Final assay enzyme concentrations were 1:2 mg/mL lipase:pancreatin and 1:2:3 mg/mL lipase: pancreatin:bile using 96 well plates separately just as in the artificial digestion protocol. Controls consisted of phosphate buffer and lipase enzyme without substrate pNPP. Experimental wells contained substrate pNPP in phosphate buffer and the lipase enzyme. All experimental and control wells were performed in triplicate. Temperature was set at 37 °C and the spectrophotometer was set to collect kinetic data over 2 h for the lipase: pancreatin (1:2) experiment. Substrate concentrations were 0.1 mM and 1.0 mM and were made from the 10.0 mM stock solution of pNPP in isopropanol. 4-NP dilutions in phosphate buffer were used to make a standard curve ranging from 5–1000 µM.
On a separate 96 well plate, the same procedure was followed for the lipase: pancreatin: bile salt (1:2:3) experiment. Control and experimental samples were the same as mentioned above for the 1:2 mg/mL lipase: pancreatin experiment. However, interference was observed in sample wells containing bile salts; therefore, the enzymatic reaction time was reduced to 30 min to prevent interference and detector saturation. After an incubation period of 30 min at 37 °C, 25 µL of the reaction mixture (supernatant) was taken and immediately mixed with 1 mL of 0.1 N NaOH in a 1 mL cuvette to stop the reaction and dilute the sample. The liberated pNP was detected at 410 nm, and bile salt interference was corrected by using a blank without substrate for background subtraction. The reaction rates for this experiment were obtained from the slope of the absorbance versus the time curve by using an extinction coefficient for the p-nitrophenol (pNP) that was determined from the absorbance of pNP as a standard solution.

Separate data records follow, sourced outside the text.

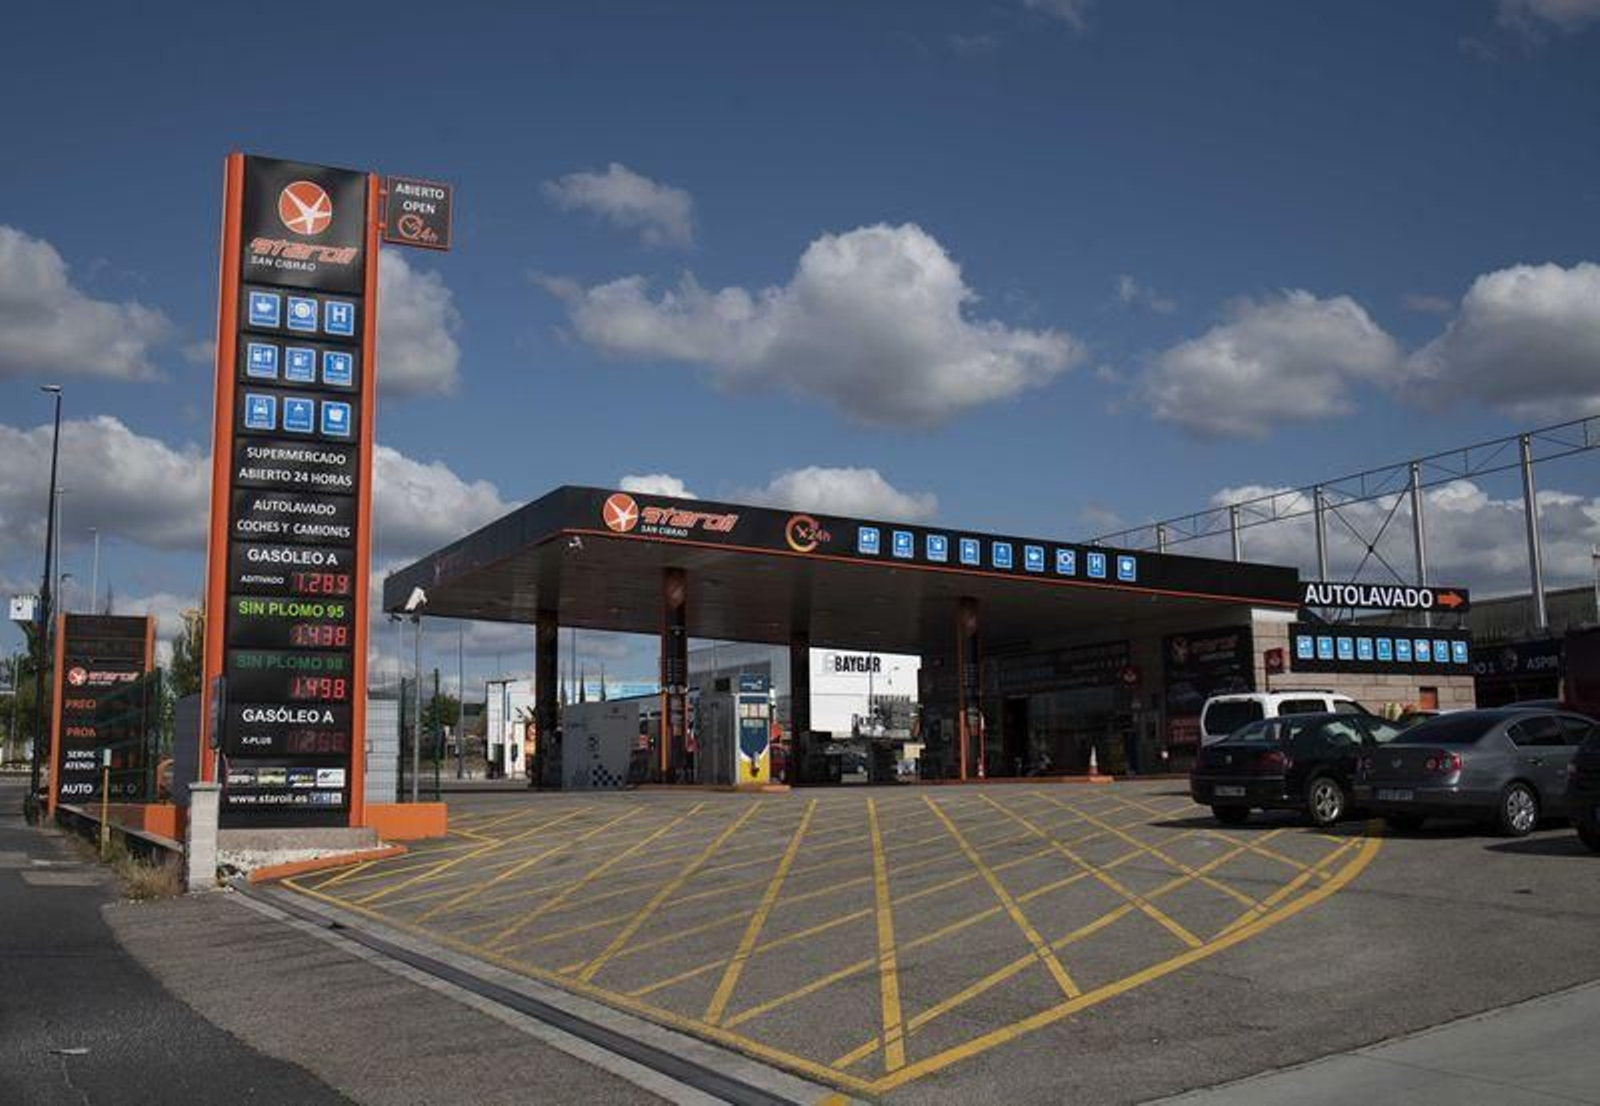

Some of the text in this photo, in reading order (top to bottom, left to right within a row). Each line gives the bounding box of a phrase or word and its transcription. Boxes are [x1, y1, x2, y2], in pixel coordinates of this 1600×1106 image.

[395, 183, 444, 200] ABIERTO
[403, 200, 436, 214] OPEN
[251, 255, 316, 272] SAN CIBRAO
[247, 447, 346, 465] SUPERMERCADO
[238, 467, 352, 487] ABIERTO 24 HORAS
[253, 500, 336, 516] AUTOLAVADO
[237, 519, 350, 539] COCHES Y CAMIONES
[640, 525, 657, 534] SAN
[807, 530, 831, 542] 24h
[247, 547, 338, 566] GASÓLEO A
[240, 575, 285, 585] ADITIVADO
[1304, 583, 1434, 609] AUTOLAVADO
[238, 600, 344, 619] SIN PLOMO 95
[236, 655, 262, 669] SIN
[267, 656, 323, 671] PLOMO
[834, 655, 881, 673] BAYGAR
[242, 706, 334, 724] GASÓLEO A
[228, 792, 308, 804] www.staroil.es
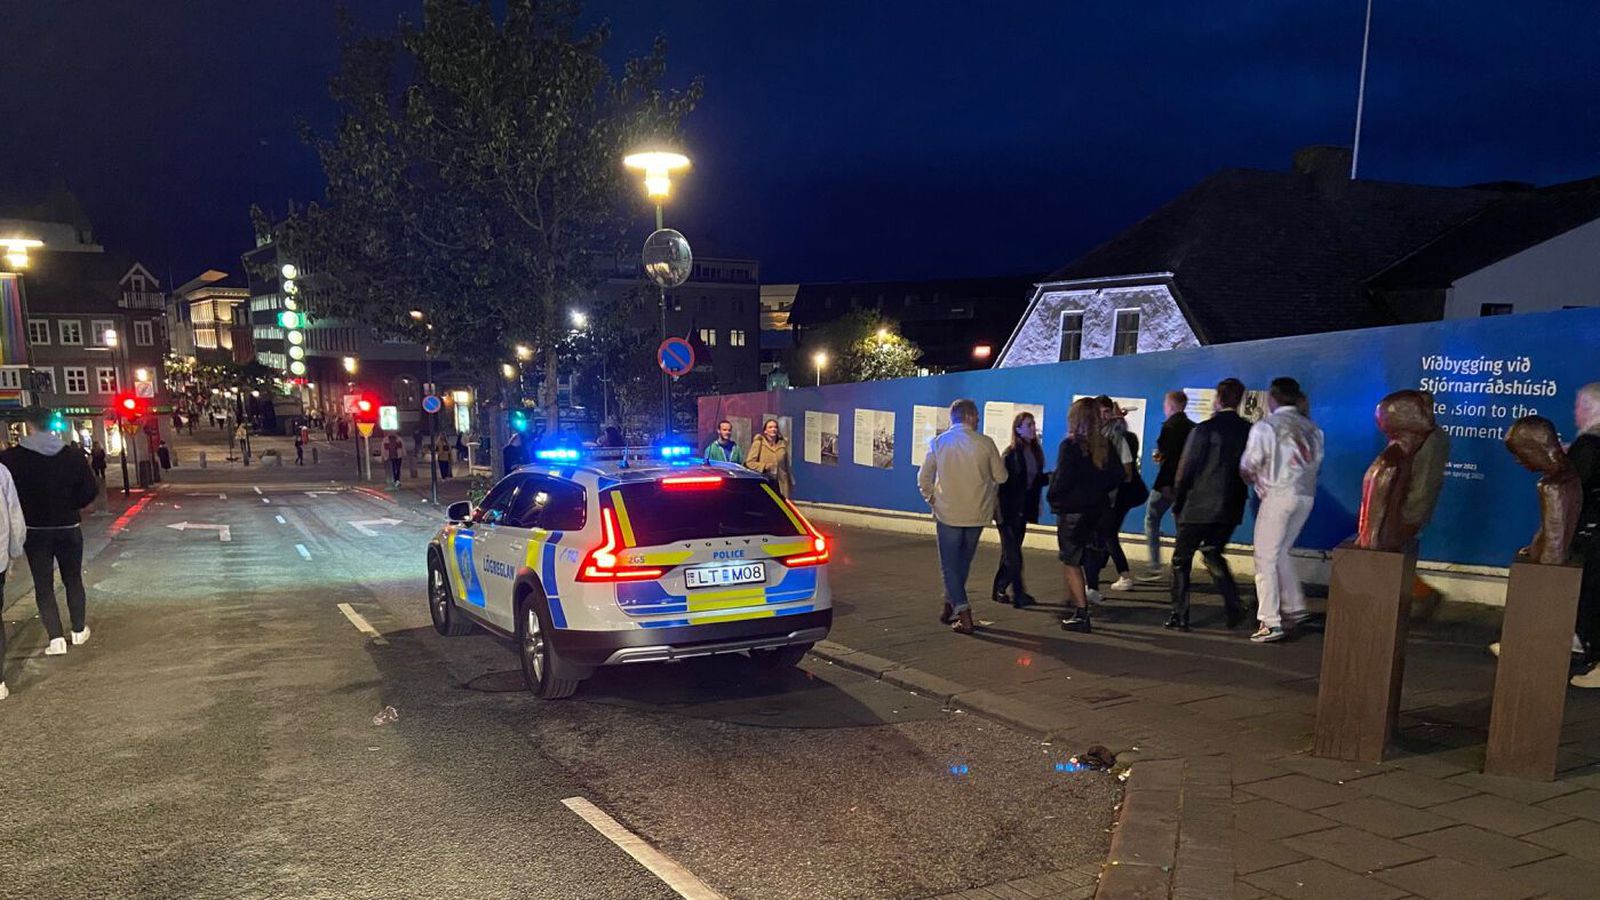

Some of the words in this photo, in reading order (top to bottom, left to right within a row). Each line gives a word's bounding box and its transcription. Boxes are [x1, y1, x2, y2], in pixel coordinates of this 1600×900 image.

2.3. Fasted State In Vitro Digestion of CBD

The three-step in vitro digestion employed to mimic the human digestive tract in this study consisted of an oral phase, a gastric phase, and an intestinal phase. The method used was modified slightly from a previously described protocol [38]. For the fasted state digestion oral phase, 10 mg and 100 mg of CBD were added to 1 mL distilled water in a 50 mL pyrex glass centrifuge tube (DAIGGER Scientific, Hamilton, NJ, USA) and mixed with 1 mL oral fluid. The mixtures were vortexed for 30 s and immediately the gastric phase of digestion was started by adding pepsin into NaHCO3 and the pH was adjusted to 2.5. The mixtures were blanketed with nitrogen gas, wrapped in parafilm, and shaken in a 37 °C incubator for 1 h in the dark at 95 rpm. Meanwhile, the intestinal phase was prepared (Table S1) by mixing bile in NaHCO3 and sonicating it for 45 min. For the intestinal phase, the pancreatin-lipase (2 mL of 2:1 ratio) was mixed into the same solution as bile salt. The enzyme solution and the bile solution were added to the tube containing the gastric phase and the pH was adjusted to 6.5 using 1N NaOH. The digestion sample tubes were blanketed with nitrogen and shaken for another 2 h at 37 °C in the dark at 95 rpm. After completion of the intestinal phase, 4 mL of the resulting Digesta (DG) was transferred into conical tubes, diluted with acetonitrile DG: Acetonitrile 1:2 (v/v), blanketed with nitrogen, and kept at −80 °C for analysis by UPLC-MS. The remaining volumes of the DG samples were centrifuged at 10,000× g at 4 °C for 60 min (Beckman L7-65 Ultracentrifuge, Beckman Instruments, Palo Alto, CA, USA). After centrifugation, the aqueous supernatant (AQ) containing the micellar fractions were filtered through the 0.22 µm pore (VWR, USA), diluted with acetonitrile AQ: Acetonitrile 1:2 (v/v) and stored at −80 °C for further analysis. The insoluble pellet was dissolved into the acetonitrile 1:2 (v/v) for further analysis.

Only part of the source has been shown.